WORK TO BE COMPLETED:
Apart from the images, the records below need to be copied exactly.

Image-backed grounding data:
########################################

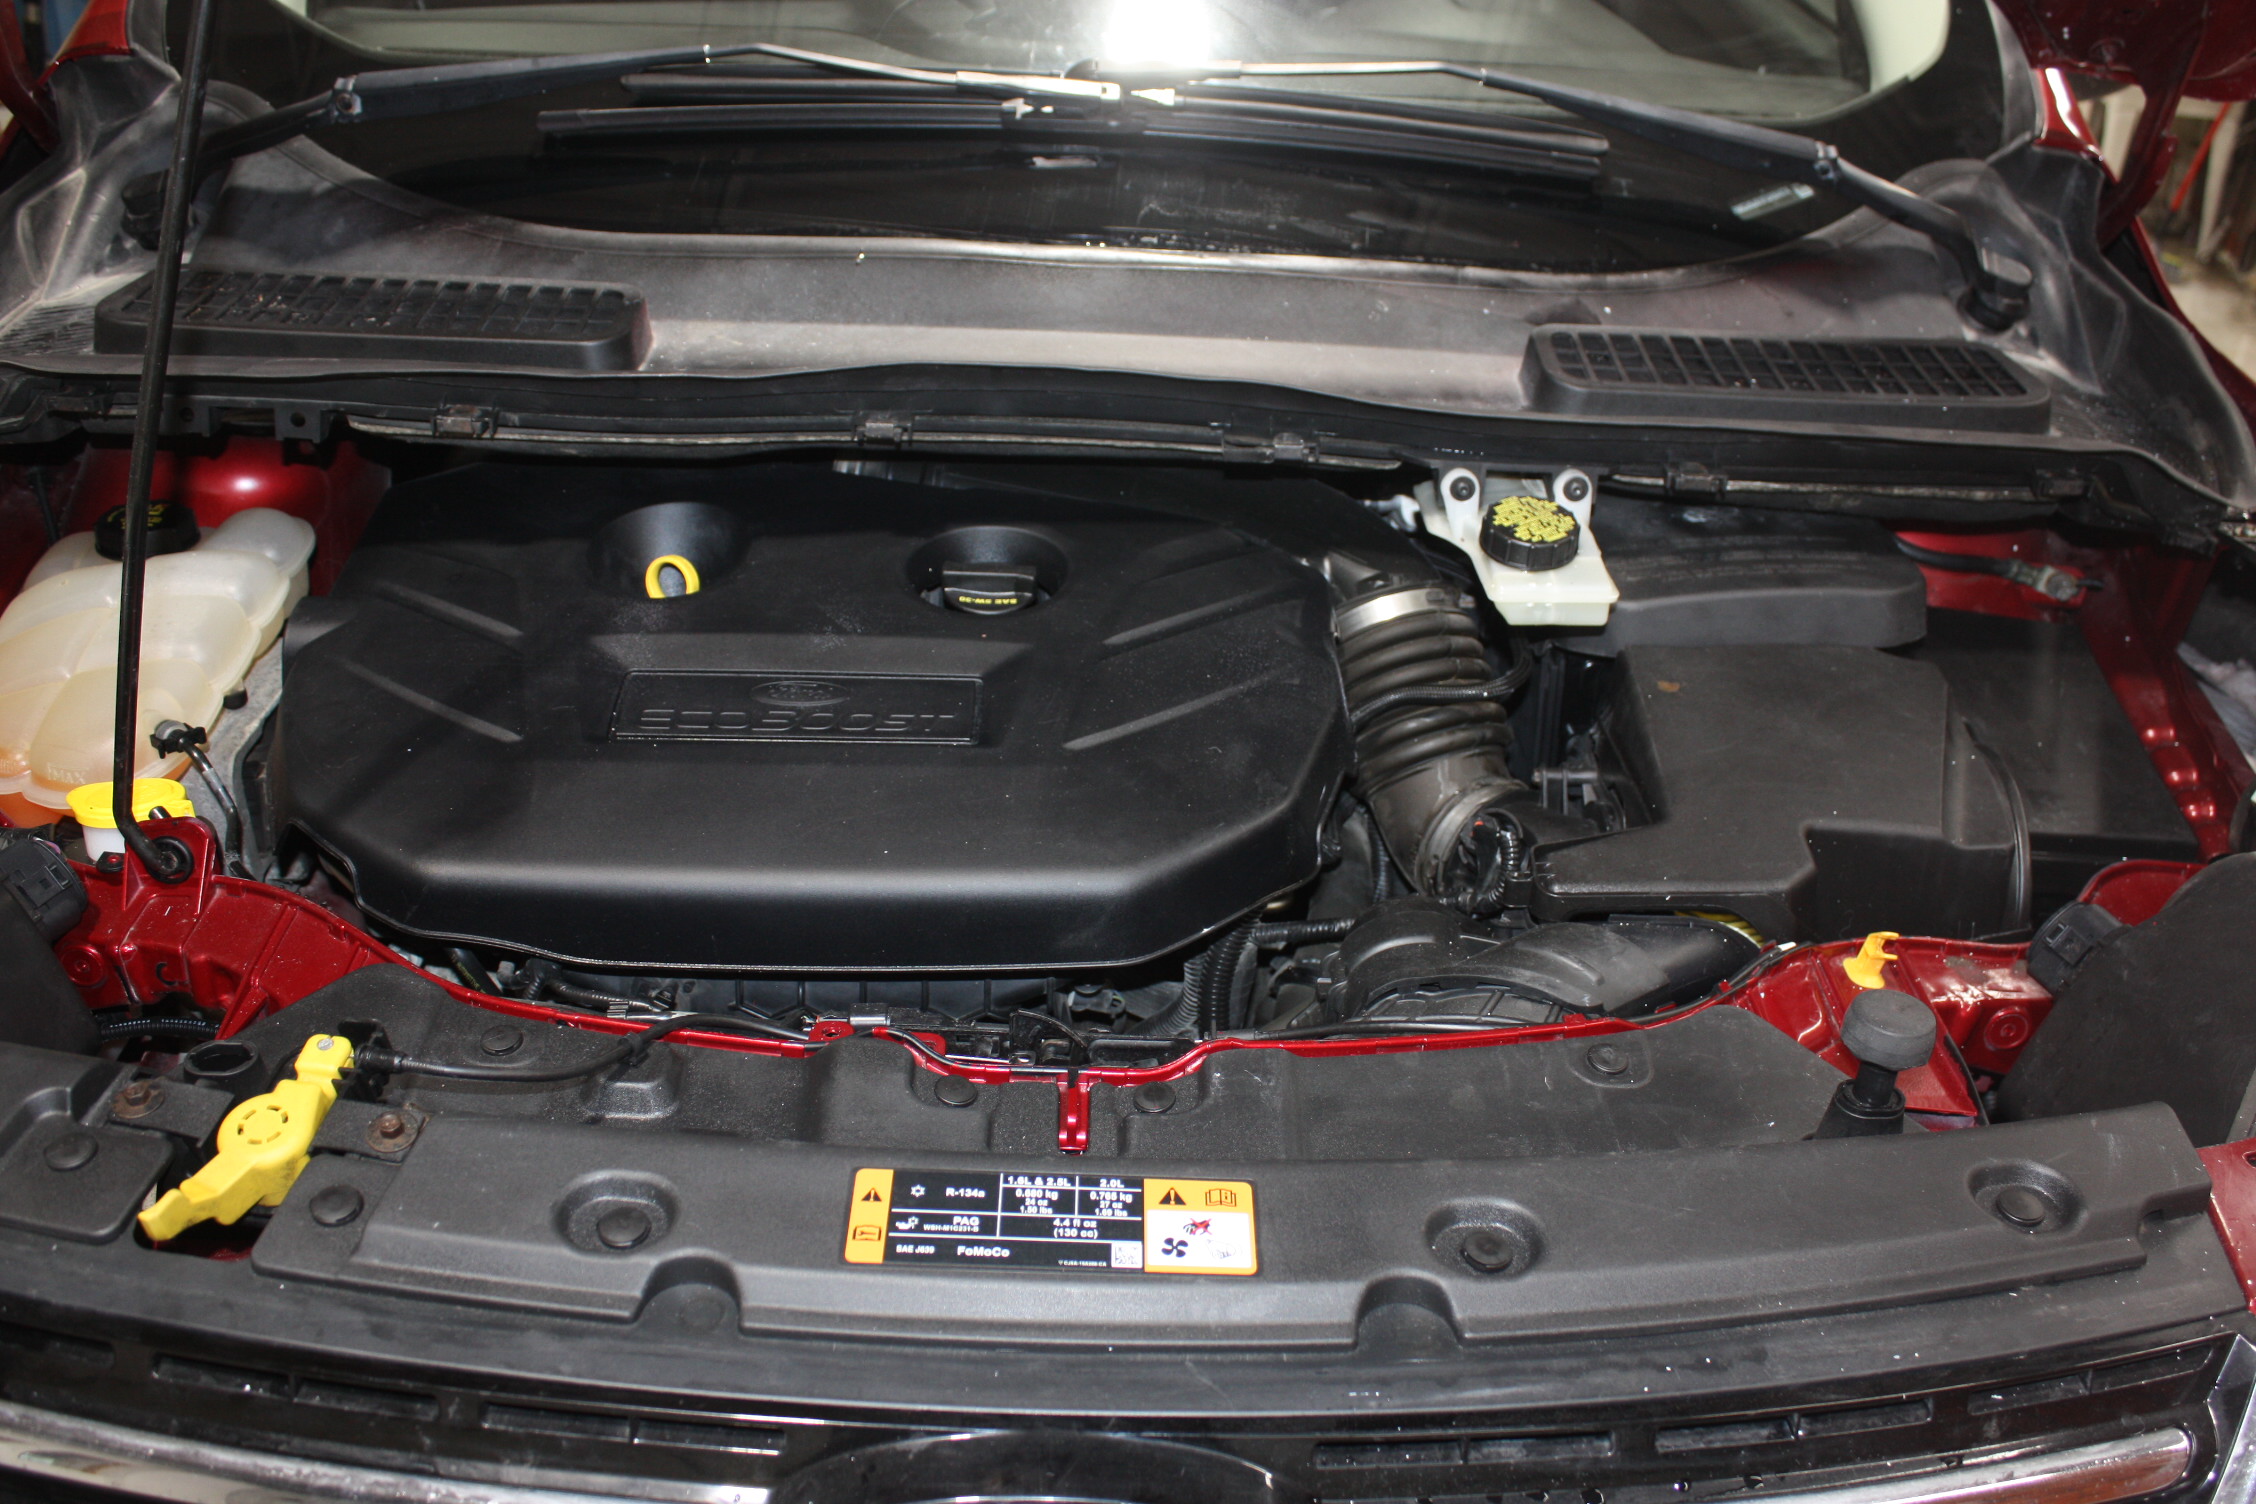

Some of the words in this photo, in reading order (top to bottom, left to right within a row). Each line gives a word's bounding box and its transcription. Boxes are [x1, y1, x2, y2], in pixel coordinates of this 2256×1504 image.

[1007, 1175, 1032, 1186] 1.6L
[1034, 1177, 1043, 1186] &
[1046, 1177, 1071, 1187] 2.5L
[1099, 1179, 1125, 1188] 2.0L
[945, 1187, 986, 1198] R-134a
[1045, 1189, 1059, 1201] kg
[1090, 1191, 1117, 1201] 0.765
[1119, 1192, 1133, 1204] kg
[1025, 1198, 1036, 1206] 24
[1020, 1205, 1037, 1213] 1.50
[1039, 1206, 1053, 1214] lbs
[1095, 1208, 1113, 1216] 1.69
[1114, 1209, 1128, 1217] lbs
[952, 1216, 980, 1226] PAG
[1053, 1218, 1070, 1227] 4.4
[1073, 1219, 1081, 1227] fl
[1083, 1220, 1097, 1228] oz
[1053, 1228, 1078, 1239] (130
[1080, 1229, 1099, 1240] cc)
[896, 1244, 914, 1253] SAE
[957, 1246, 1011, 1258] FoMoCo
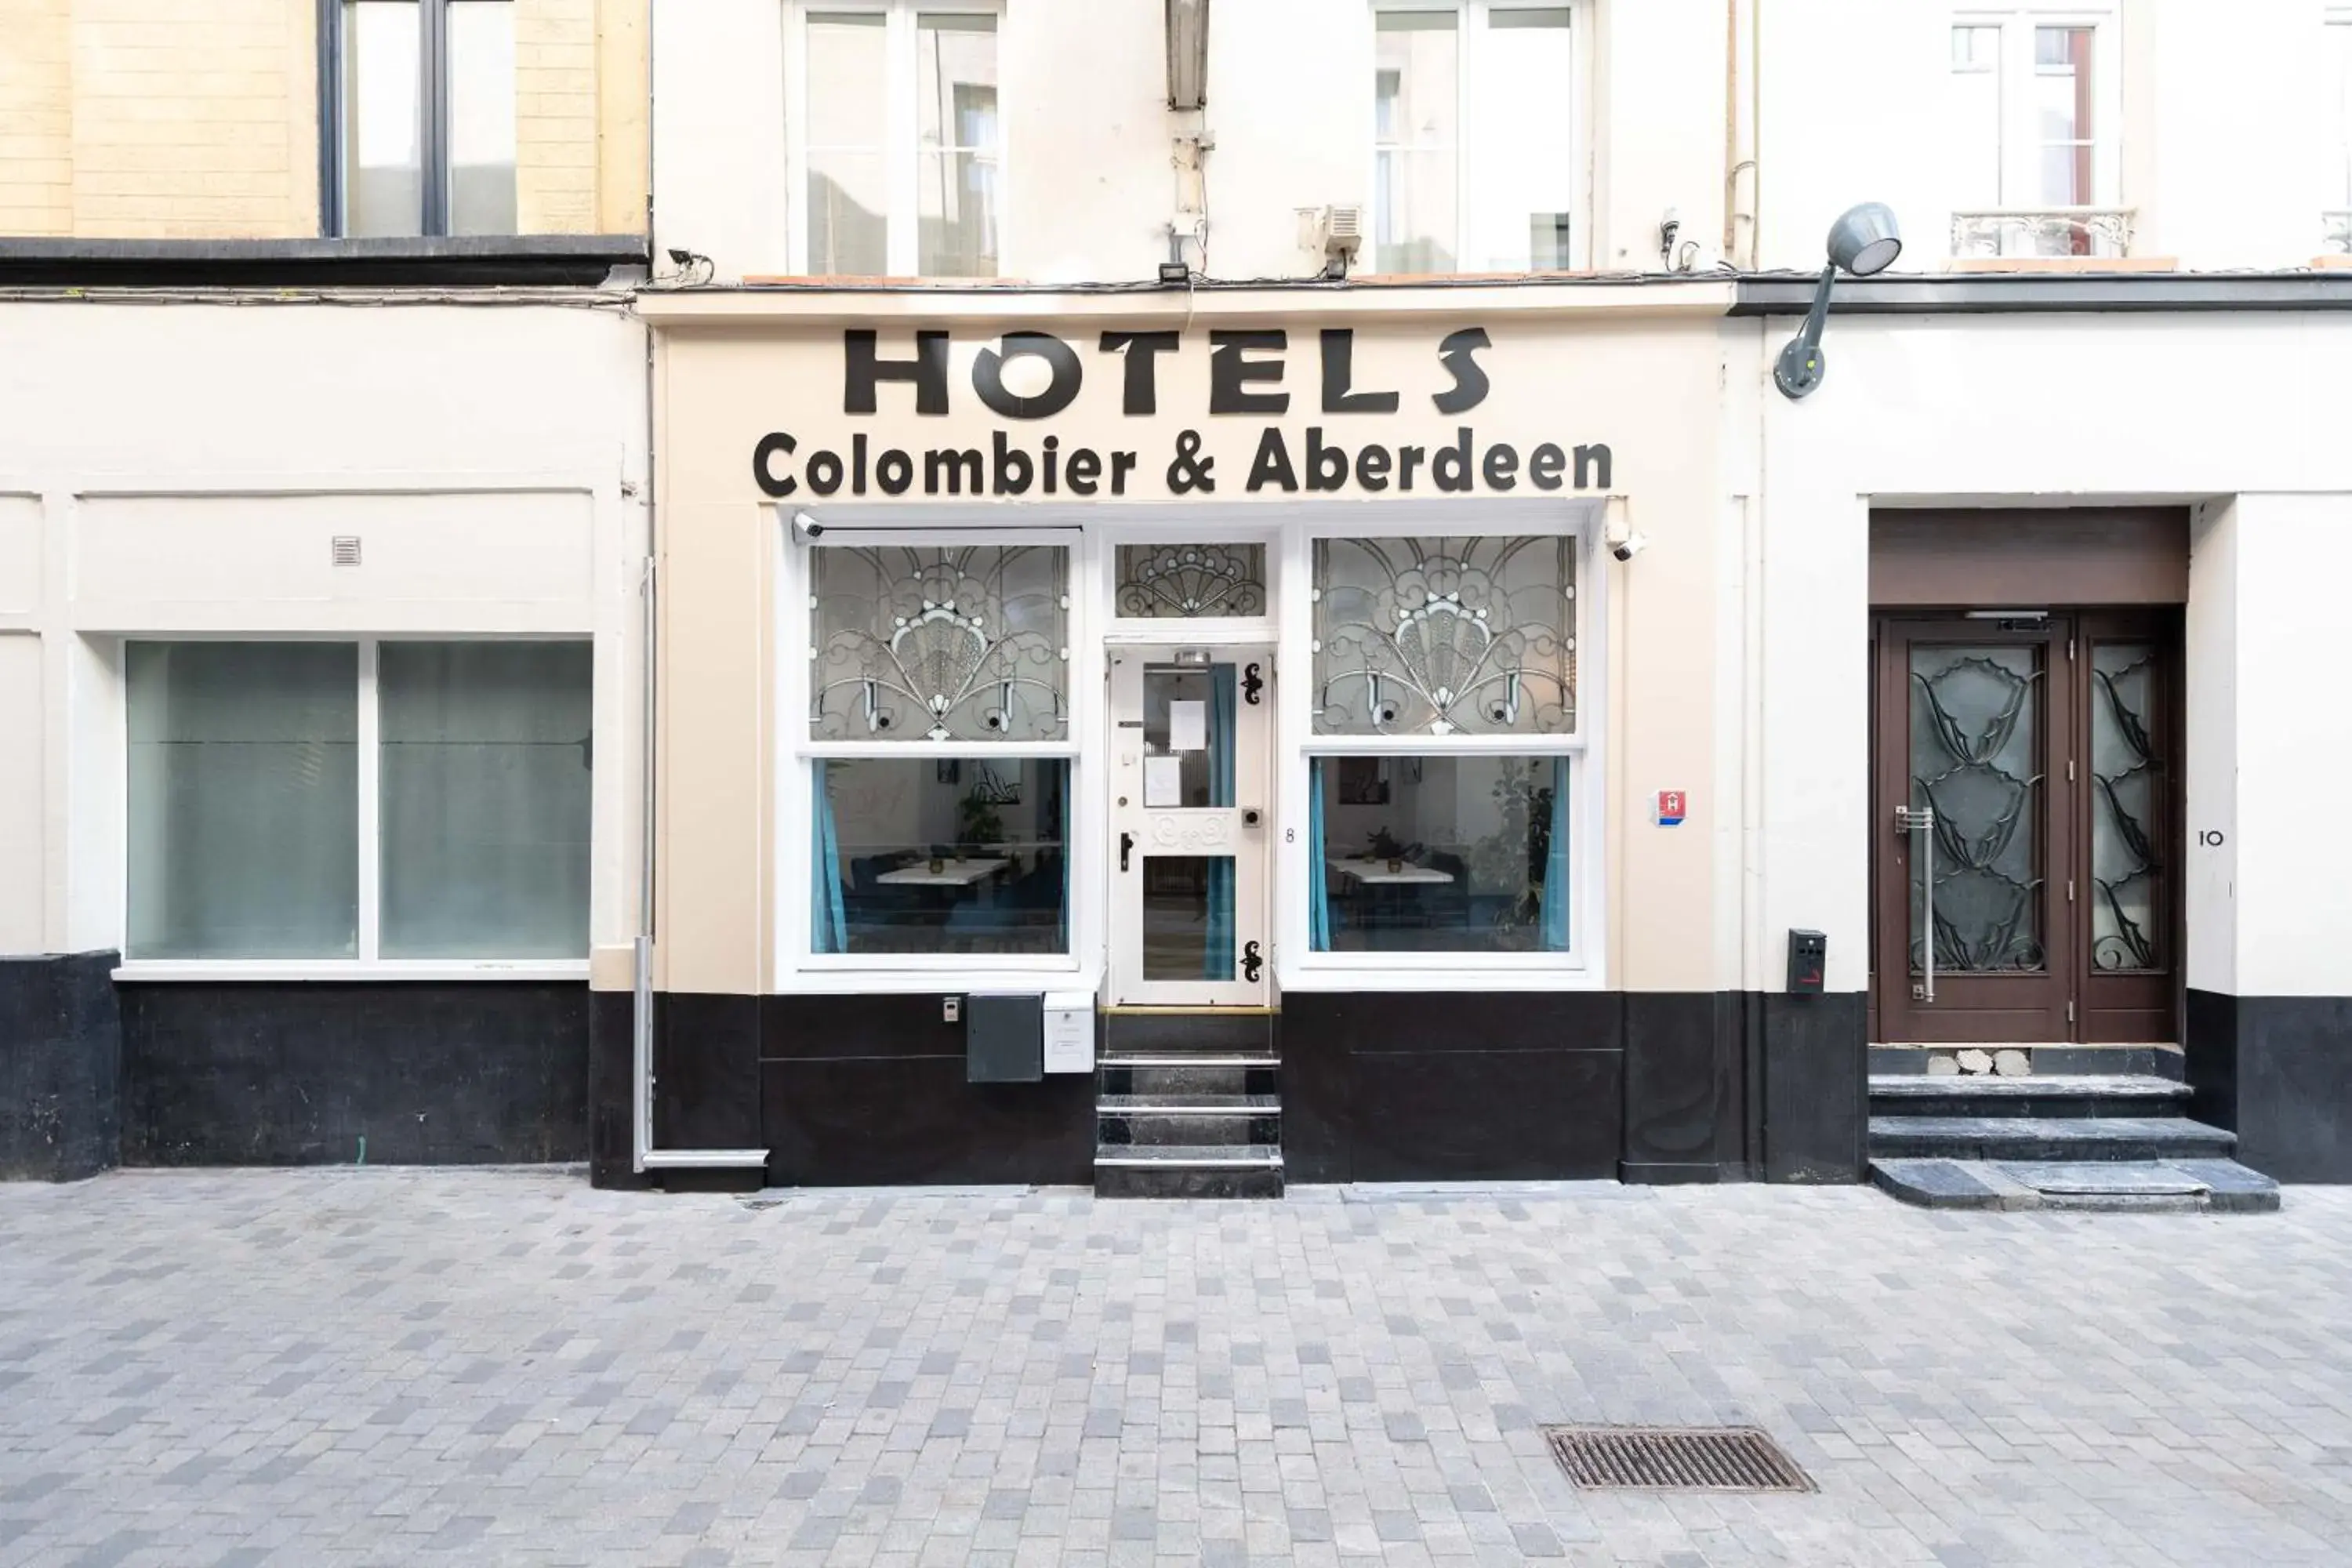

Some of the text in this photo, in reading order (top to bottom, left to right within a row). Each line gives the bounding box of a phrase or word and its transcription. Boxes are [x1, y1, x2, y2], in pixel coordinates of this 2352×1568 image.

[843, 325, 1493, 419] HOTELS
[753, 426, 1612, 498] Colombier & Aberdeen
[1285, 827, 1294, 843] 8
[2198, 830, 2224, 847] 10

########################################

RESULT:
Some of the words in this photo, in reading order (top to bottom, left to right within a row). Each line gives a word's bounding box and its transcription. Boxes are [x1, y1, x2, y2], in pixel coordinates of this 2256×1504 image.

[1007, 1175, 1032, 1186] 1.6L
[1034, 1177, 1043, 1186] &
[1046, 1177, 1071, 1187] 2.5L
[1099, 1179, 1125, 1188] 2.0L
[945, 1187, 986, 1198] R-134a
[1045, 1189, 1059, 1201] kg
[1090, 1191, 1117, 1201] 0.765
[1119, 1192, 1133, 1204] kg
[1025, 1198, 1036, 1206] 24
[1020, 1205, 1037, 1213] 1.50
[1039, 1206, 1053, 1214] lbs
[1095, 1208, 1113, 1216] 1.69
[1114, 1209, 1128, 1217] lbs
[952, 1216, 980, 1226] PAG
[1053, 1218, 1070, 1227] 4.4
[1073, 1219, 1081, 1227] fl
[1083, 1220, 1097, 1228] oz
[1053, 1228, 1078, 1239] (130
[1080, 1229, 1099, 1240] cc)
[896, 1244, 914, 1253] SAE
[957, 1246, 1011, 1258] FoMoCo

Some of the text in this photo, in reading order (top to bottom, left to right within a row). Each line gives the bounding box of a phrase or word and its transcription. Boxes are [x1, y1, x2, y2], in pixel coordinates of this 2352×1568 image.

[843, 325, 1493, 419] HOTELS
[753, 426, 1612, 498] Colombier & Aberdeen
[1285, 827, 1294, 843] 8
[2198, 830, 2224, 847] 10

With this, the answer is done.